I started in the Bread Shed, weighing out my starter, diluting this with water (to make the next step easier…) and adding in the flour. As Victoria, a member of the Bread Shed team, explained to a fellow student also making his first sourdough loaf, pretty much everyone who makes sourdough has their one true recipe and their one time-tested process. This was in answer to a question about why Ballymaloe recipe weights are as precise as 114g and 476g rather than, say, 115g and 480g. I suspect conversion between imperial and metric has something to do with this as well, but I digress. The Ballymaloe method, though, has you leave the starter/water/flour mix to rest for 30 minutes or so, add salt and then strengthen the gluten through a series of stretch-and-fold manipulations every 20-30 minutes over the next three hours. Me being me, I forgot to take any photographs during this stage, but I ended up with what I thought was a reasonable ball of dough which is resting in the fridge overnight.

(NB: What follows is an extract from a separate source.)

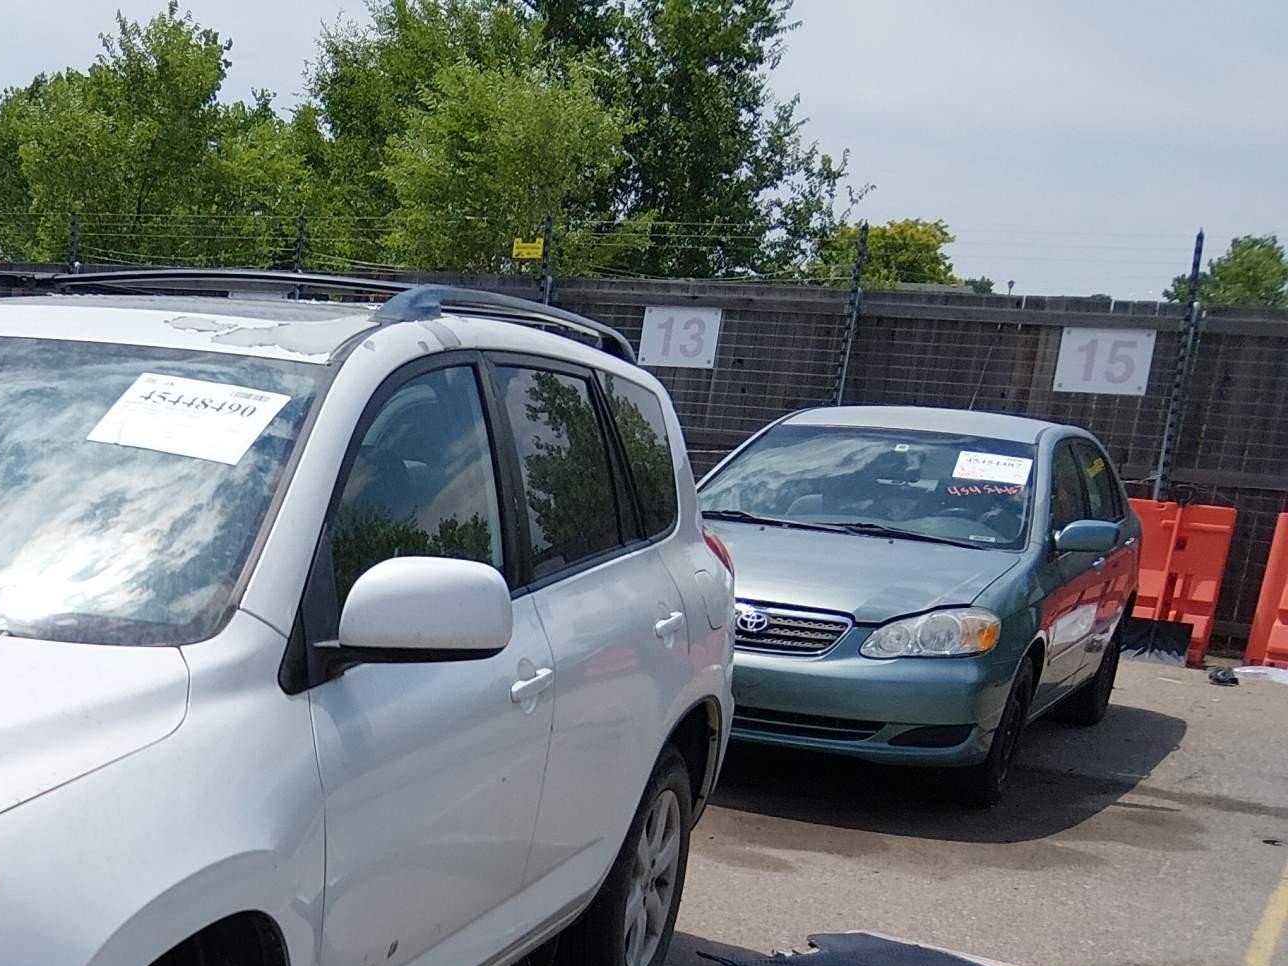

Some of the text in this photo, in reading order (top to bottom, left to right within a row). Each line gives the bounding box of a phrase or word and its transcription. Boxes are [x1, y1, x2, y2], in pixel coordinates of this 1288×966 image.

[656, 316, 707, 359] 13
[1075, 337, 1138, 385] 15
[139, 389, 258, 418] 45448490

As for my assigned tasks, the Zabaglione needed to be tackled first, despite exhortations to start making the pasta dough. The recipe might be “Zabaglione Semifreddo”, but it needed to freeze solid to be served and that would need time (spoiler: it didn’t freeze enough to be ready for serving). Before it could be put in the freezer, though, it needed at least half-an-hour of whipping with an electric beater and cream needed whipping to be folded into the sabayon. The test of how well this was done was to see how full the loaf tin was with the mix. Mine was very full, earning me a “well done” from Benita as she saw me pass on my way to the freezer.

More usefully, perhaps, Benita told me that the easiest way to get a piece of eggshell from a bowl of egg white (and even whole eggs, I guess), is to use another piece of eggshell; there’s some magnetic attraction between pieces of eggshell, apparently. I didn’t have chance to test this as all my spare eggshells were in the hen bucket by this stage, but I’ll have to try it sometime.

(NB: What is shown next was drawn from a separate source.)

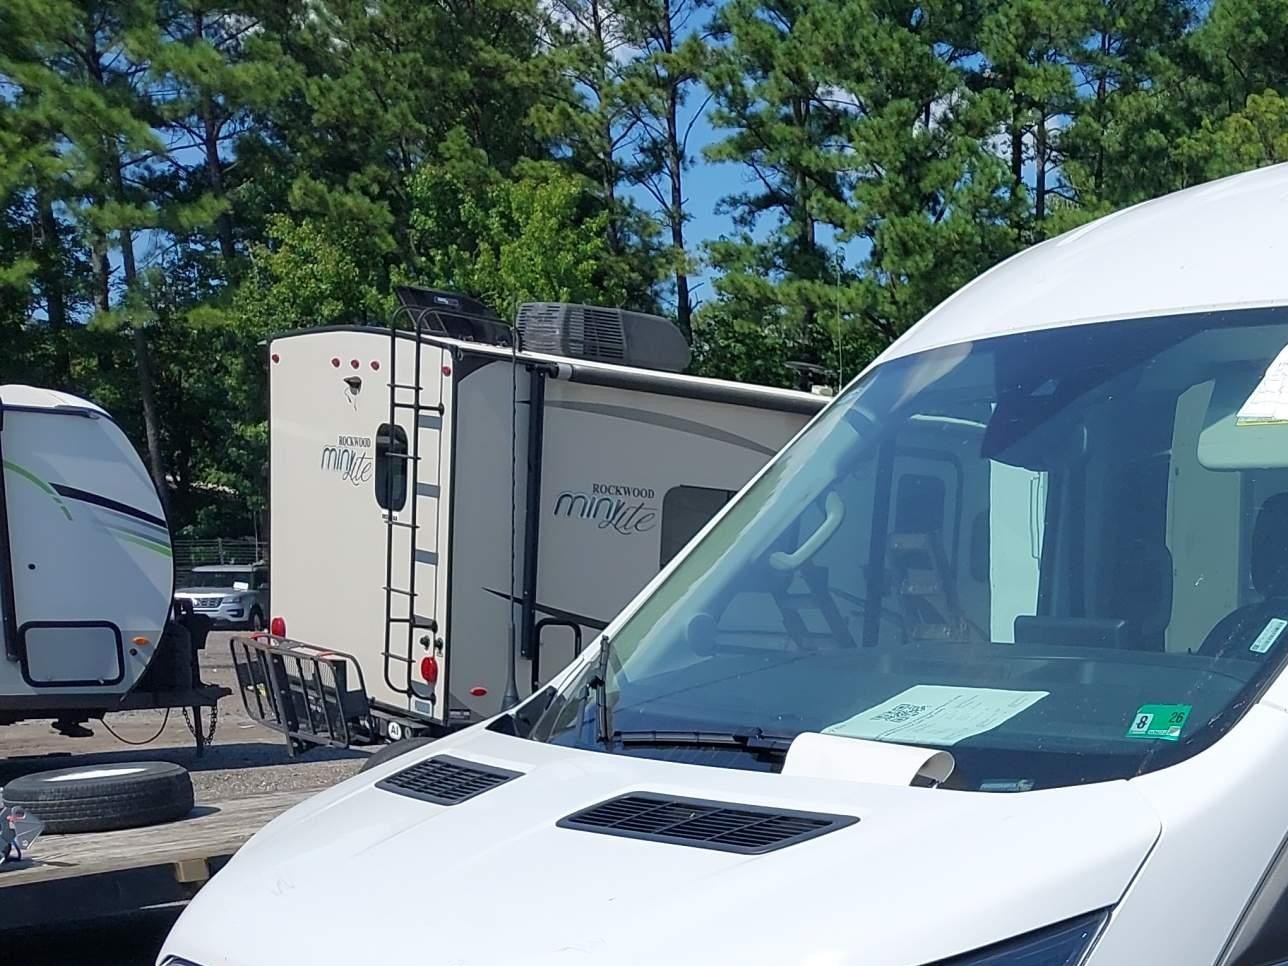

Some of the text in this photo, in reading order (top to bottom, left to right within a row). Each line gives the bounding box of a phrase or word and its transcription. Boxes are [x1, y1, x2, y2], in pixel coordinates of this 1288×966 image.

Zabaglione not-yet-semifreddo

After cleaning up the sabayon spatters from around the section, it was finally time to make the pasta dough. Then on to make the bechamel. Fortunately, Benita had spotted that the lasagne recipe needed a triple quantity of the bechamel. Less fortunately, this meant that I needed triple the amount of roux and the nice full box of freshly prepared roux from which I’d taken 45g early in the morning was now empty… Making roux doesn’t take much time but, as usual, my schedule doesn’t take account of the time needed for teacherly interventions…

I managed to get back on track, though, as a pasta machine came free just as I was finishing the bechamel. I was in the middle of slicing my ~1kg of courgettes and wanted to finish the last two but Benita wasn’t having that; she had five students who all needed to roll out their pasta! The school pasta machines are large and really heavy duty, though, so it didn’t take me very long at all. Blanching the pasta did, though, as the large pan needed for this was also needed to cook the courgettes and basil for the filling so it was getting on for 12 o’clock by the time my lasagne was in the oven. It was supposed to take only 10-15 minutes in the oven—time I spent cleaning my station—but was refusing to brown. I set the timer for another ten minutes and spent two of them realising that I wouldn’t be presenting the semifreddo. Changing tack, I turned the oven to grill mode, collected some green salad and made a dressing. By then the lasagne was satisfyingly brown but it needed to rest for 10-15 minutes before serving. Luckily(!) my partner had finished presenting her dishes by then so I had something useful to do: scrub down the very dirty hob!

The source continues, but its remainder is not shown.